→ Assignment: Pictures should be excluded; otherwise, copy every entry exactly.

(Stored data entries)
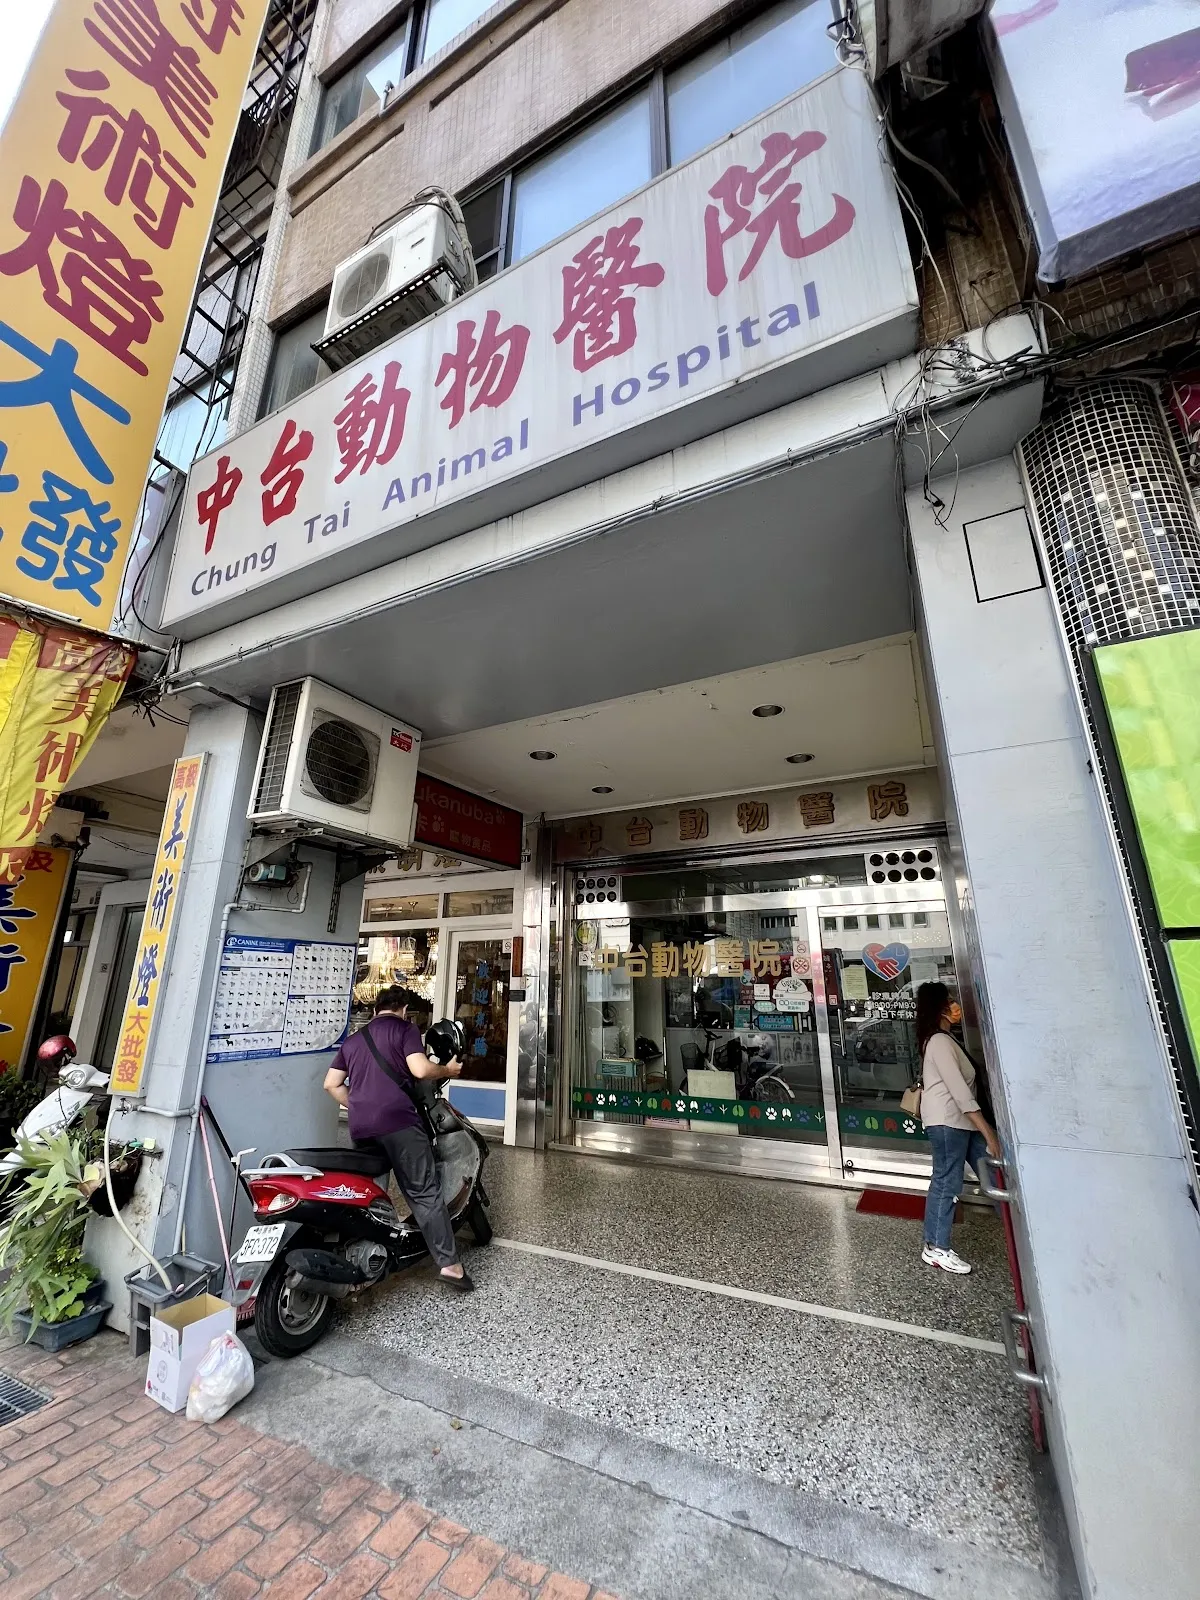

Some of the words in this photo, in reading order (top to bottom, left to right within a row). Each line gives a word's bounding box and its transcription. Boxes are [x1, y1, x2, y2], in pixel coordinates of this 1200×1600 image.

[197, 130, 856, 556] 中台動物醫院
[191, 542, 278, 596] Chung
[304, 501, 351, 544] Tai
[382, 418, 530, 511] Animal
[572, 281, 821, 427] Hospital
[173, 764, 197, 791] 高級
[576, 781, 909, 854] 中台動物醫院
[133, 791, 187, 1007] 美術燈
[594, 938, 783, 978] 中台動物醫院
[117, 1011, 149, 1084] 大批發

→ Your solution:
Some of the words in this photo, in reading order (top to bottom, left to right within a row). Each line gives a word's bounding box and its transcription. Boxes are [x1, y1, x2, y2], in pixel coordinates of this 1200×1600 image.

[197, 130, 856, 556] 中台動物醫院
[191, 542, 278, 596] Chung
[304, 501, 351, 544] Tai
[382, 418, 530, 511] Animal
[572, 281, 821, 427] Hospital
[173, 764, 197, 791] 高級
[576, 781, 909, 854] 中台動物醫院
[133, 791, 187, 1007] 美術燈
[594, 938, 783, 978] 中台動物醫院
[117, 1011, 149, 1084] 大批發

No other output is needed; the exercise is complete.